Des grinned; Pen could feel the set of his face change as she took charge. “Demure? Who do you think you’re talking to? But I shall be properly polite, as befits a tame Temple servant. How do you do, Master Linatas? Thank you for looking after Pen, who tends not to do it for himself. Ah, perhaps that’s demonstration enough, Des,” Pen ended this before she decided it would be droll to embarrass him.
Spoilsport. But she settled back, gratified with her brief outing. And acknowledgement.
Linatas’s thick eyebrows had climbed. “That… was not a jape. Was it?”
“No, though many people think it is.” Pen sighed. “You may speak to her directly any time you wish. She hears everything I hear.”
“…She?

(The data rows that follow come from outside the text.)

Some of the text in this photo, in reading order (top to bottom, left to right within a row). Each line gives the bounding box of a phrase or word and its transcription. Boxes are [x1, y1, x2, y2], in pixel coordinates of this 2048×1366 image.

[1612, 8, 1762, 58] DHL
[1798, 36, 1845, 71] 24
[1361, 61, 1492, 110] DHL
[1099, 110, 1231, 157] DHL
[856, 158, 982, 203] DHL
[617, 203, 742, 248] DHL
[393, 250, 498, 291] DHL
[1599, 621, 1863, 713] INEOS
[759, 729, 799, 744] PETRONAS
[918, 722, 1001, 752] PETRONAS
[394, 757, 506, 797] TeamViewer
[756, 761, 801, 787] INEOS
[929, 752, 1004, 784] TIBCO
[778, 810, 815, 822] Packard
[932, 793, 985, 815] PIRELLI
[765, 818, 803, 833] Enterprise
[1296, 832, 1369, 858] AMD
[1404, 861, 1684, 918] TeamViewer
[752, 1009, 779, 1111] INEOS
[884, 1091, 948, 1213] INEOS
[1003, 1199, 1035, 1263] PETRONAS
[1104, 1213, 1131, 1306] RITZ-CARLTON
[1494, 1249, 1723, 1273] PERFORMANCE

I mean, demons have no bodies.”
“Very long story. About two centuries, so best not delay for it here. But getting back to your patient. Uh, how much do you know about Temple sorcerers? Or any sorcerers?”

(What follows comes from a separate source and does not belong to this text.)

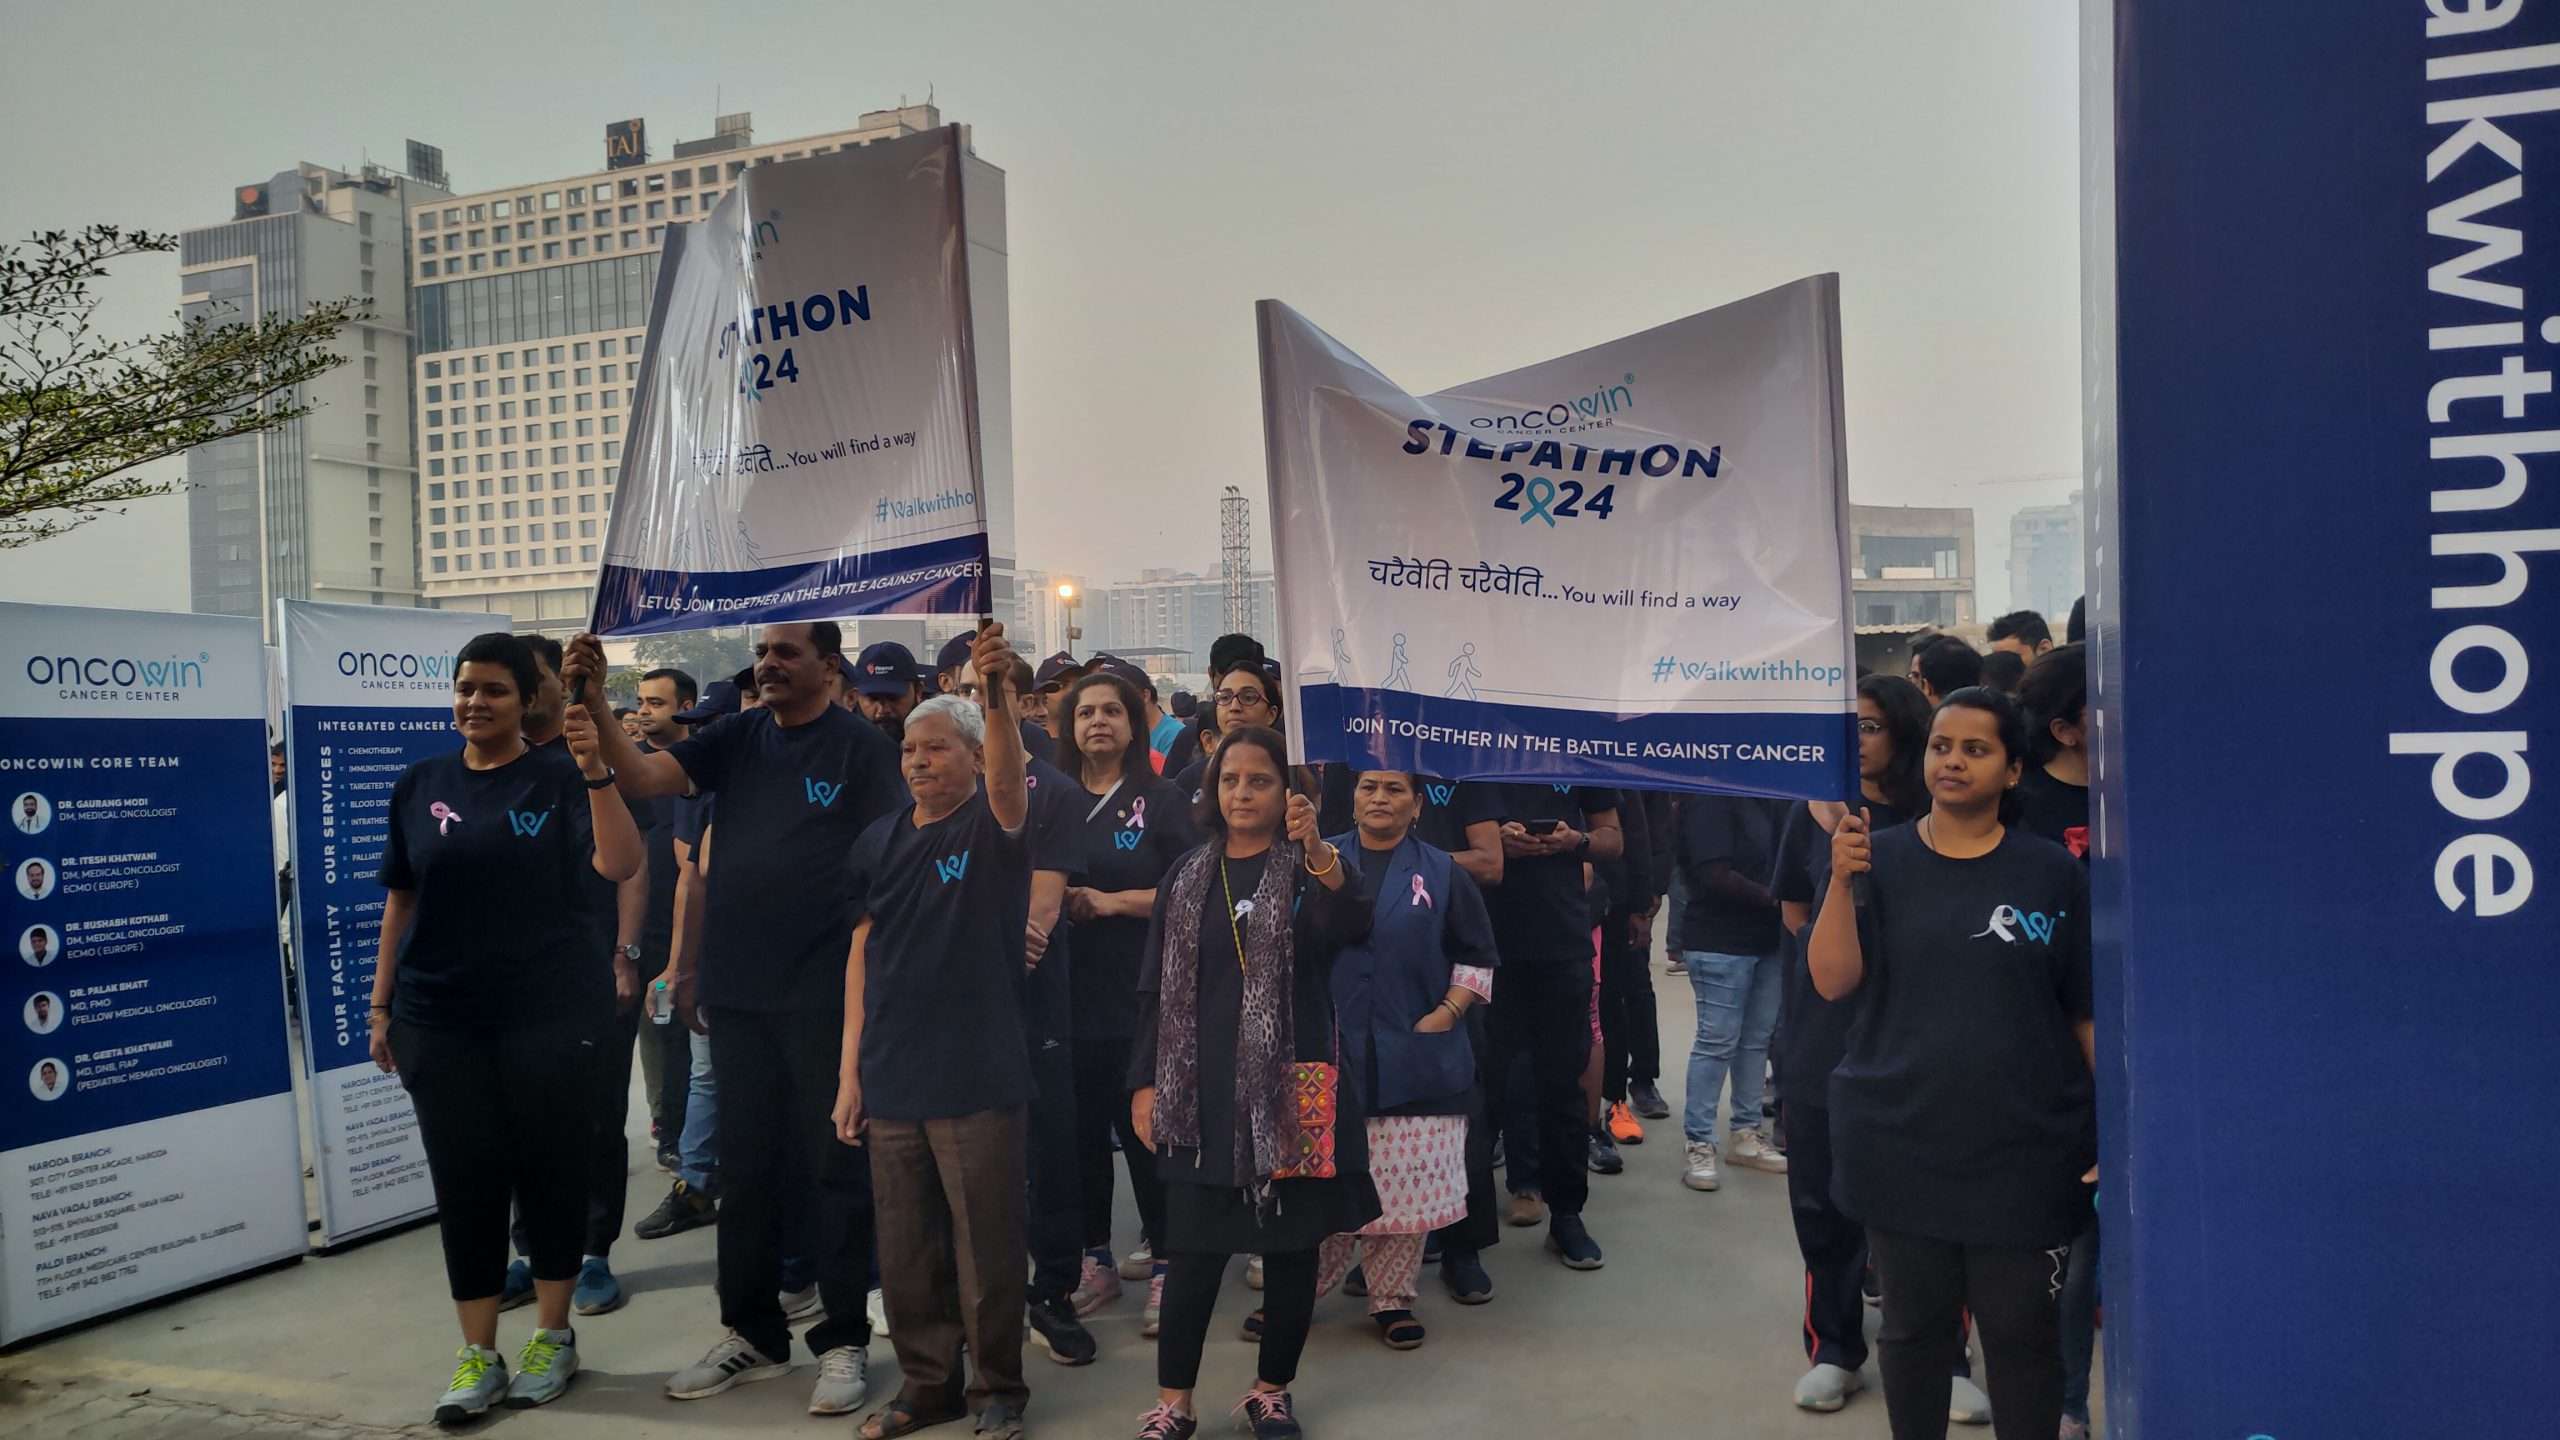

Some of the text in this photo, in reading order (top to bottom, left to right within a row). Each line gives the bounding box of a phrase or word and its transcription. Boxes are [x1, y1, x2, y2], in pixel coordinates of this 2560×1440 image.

“None have come my way as patients. I’ve seen them about town on rare occasions, or at ceremonies for their god.”
Though if they were not in their whites and braids, Linatas could have passed such men and women unknowing in the market any number of times. For such a rare calling, the Lodi Temple was relatively well-supplied with sorcerers; Pen knew the Mother’s Order here had more than one sorcerer-physician in its service, if not at this poorer hospice. Pen’s duty directly to the archdivine was outside the usual chapterhouse hierarchy.
“At a minimum, I need to explain how ascendance works, then,” said Pen. “As a creature of pure spirit, a demon requires a body of matter to support it in the world of matter. The question then becomes who shall be in charge of that body. A person can either possess or be possessed by their demon—rider or ridden is the usual metaphor—and demons in their untutored state naturally desire control. But as creatures of chaos, most aren’t exactly fitted for it. If a wild demon ascends, it’s more like being taken over by a destructive, overexcited drunk.” With supernatural powers.
You were doing all right till that last bit, Des said dryly.
“The other thing you need to know,” Pen went on, ignoring the interpolation, “is that elementals, the bits of the Bastard’s chaos leaked into the world, all begin as identical blank slates. Their ensuing personalities are acquired from and though their succession of hosts. Imprinting is a, hm, not-wrong way to envision it, like ink pressed down from a carved plate. Adding subsequent learning and life experience like any other person, but anyway. So every demon is different from every other demon just as every person is different from every other person, d’you see?” Pen looked up hopefully. This was a key point in his basic-demon-lecture where he often lost his listener to their prior more garbled beliefs. He’d also learned not to try to fit in all the fine points and exceptions at this stage, though the simplifications pained him.
Linatas gave him a go-on wave of his hand; if not exactly convinced, seeming willing to wait for it.
“Which brings us back to this demon.” Unnamed, much as its possessor, or possessee. “It’s very damaged. First, it came into being somewhere in the Roknari archipelago, which is, um, due to the Quadrene heresy not a healthy place for sorcerers or servants of the fifth god generally. The first animals it occupied were a couple of chance-encountered birds, nothing unusual there. But a demon, when its host dies, always tries to move up to a stronger—actually, more complex—host. The now-bird-imprinted spirit next went to a servant boy of maybe ten who, because Quadrene, would have known nothing about what was happening to him nor had any access to help or counsel. But someone else around him, a grown man, I think another servant, figured it out, and coveted what he imagined would be magical powers. Which, in his oppressed state, must have seemed worth the risk. He lured the boy out and secretly murdered him to steal those powers.”